6.1. Set the database sequence or table auto-increment field step length
Suitable scenarios:
- When the user prevents the generated ID duplication, this solution is relatively simple to implement and can also achieve performance goals.
- However, the service node is fixed and the step size is fixed. If the service nodes are added in the future, it will be difficult to do it.
6.2、UUID
Not ordered and being an ID is not friendly to indexes, which will lead to excessive random write operations for B+ tree indexes when writing (continuous IDs can produce partially sequential writing), which is not suitable for primary keys.
Suitable scenarios:
- If you want to randomly generate file names, numbers, etc.
- You can use UUID, but you cannot use UUID as a primary key
6.3. Get the current system time, which may be repeated when the concurrency is high.
Suitable scenarios:
- Generally, if you use this solution, you will splice the current time with many other business fields as an id. If you think it is acceptable in the business, then it is also OK.
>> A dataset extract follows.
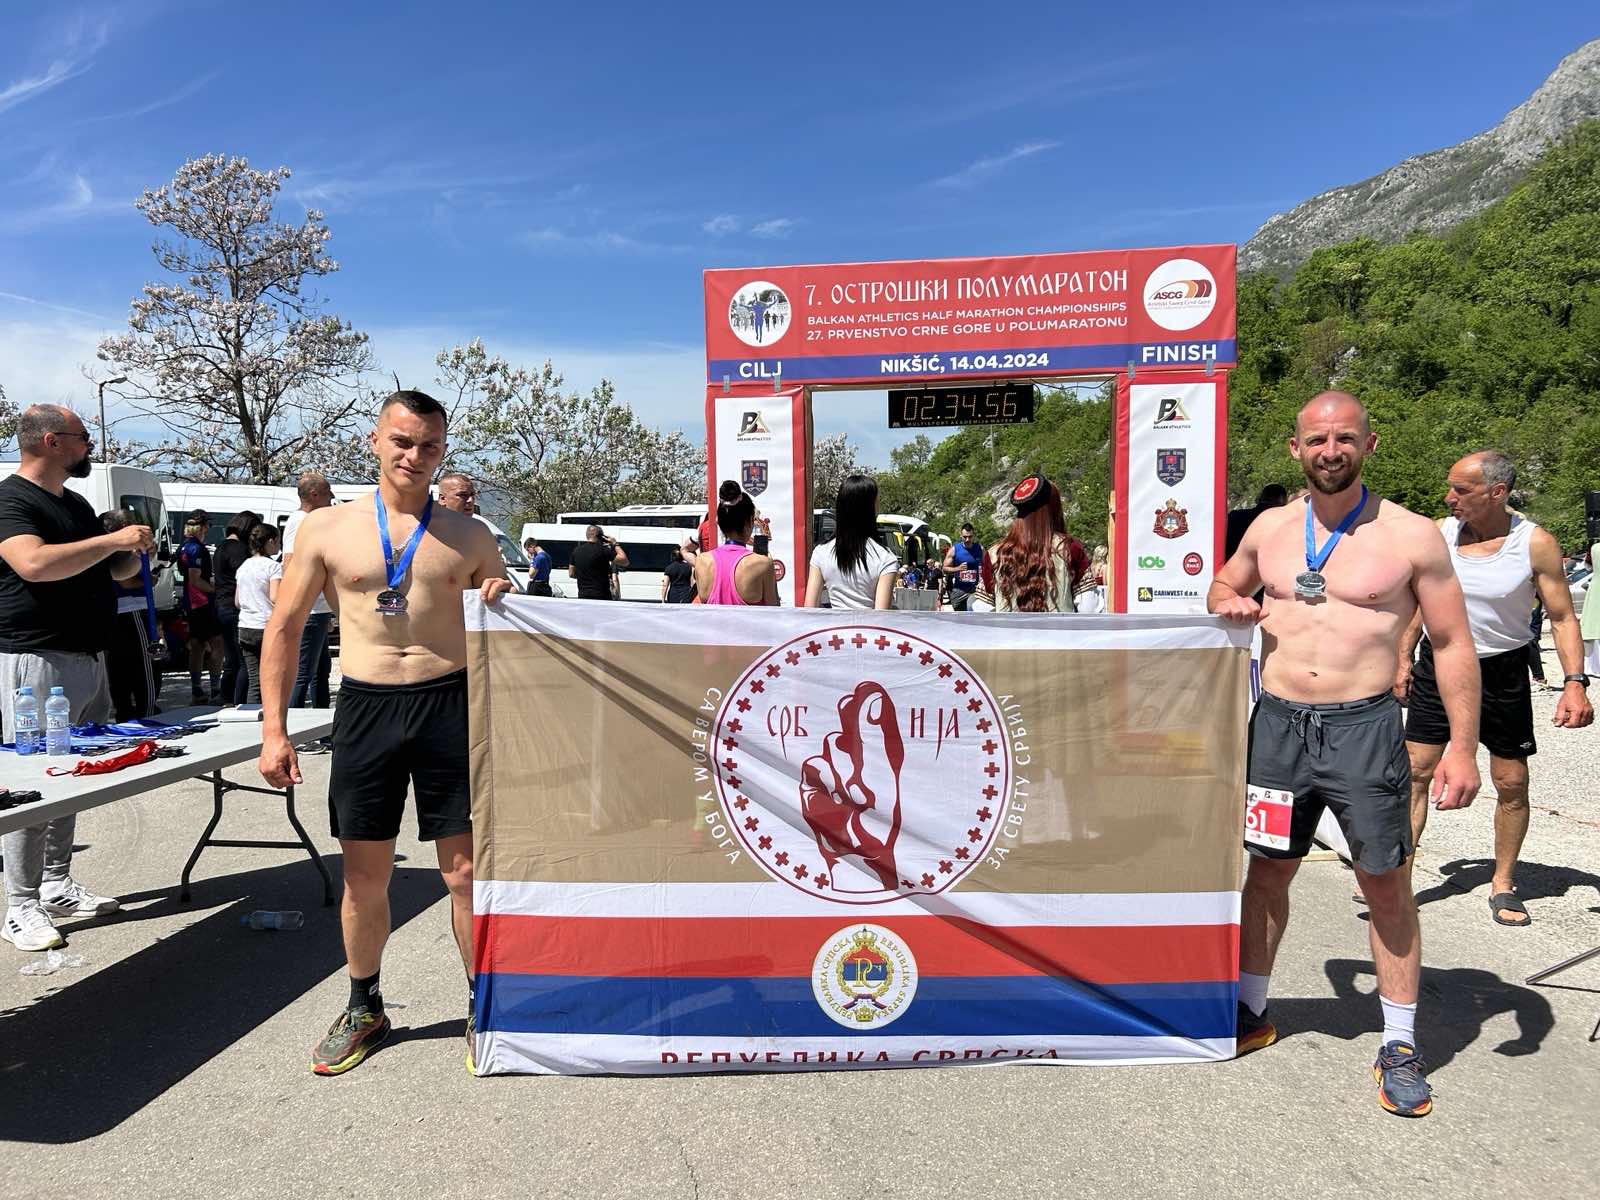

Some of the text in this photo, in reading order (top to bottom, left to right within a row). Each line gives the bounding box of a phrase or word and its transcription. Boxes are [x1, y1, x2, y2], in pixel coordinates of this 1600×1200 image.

- You can splice other business field values with the current time to form a globally unique number
6.4. Snowflake algorithm
- The snowflake algorithm is a distributed id generation algorithm that is open source on Twitter, implemented in the Scala language.
- It is to use a 64-bit long-type id, and 1 bit is not used. 41 bits are used as the milliseconds, 10 bits are used as the working machine id, and 12 bits are used as the serial number.
7. How to handle transactions after dividing databases and tables?
After dividing the database and tables, cross-store transactions may occur. How to deal with such transactions?
7.1 Optimization solution to avoid cross-library transactions
- First of all, when we do the database and table division, try to avoid cross-store transaction scenarios.
- For example, when dividing the order table, splitting according to the order ID when dividing the database, the other tables related to the order are also split according to the order ID. In this way, transactions for an order can be controlled in one library, avoiding cross-store transactions.
7.2 Handling of cross-store transactions
- If it is unavoidable, the partitioning and tables are generally a single system that corresponds to multiple libraries, then the XA transaction of the database can handle this scenario.
- sharding-jdbc can support XA transactions of the database, and cross-store transactions can be implemented through @DSTransactional annotation.
Mycat can also support XA transactions.
Summarize
The above is personal experience. I hope you can give you a reference and I hope you can support me more.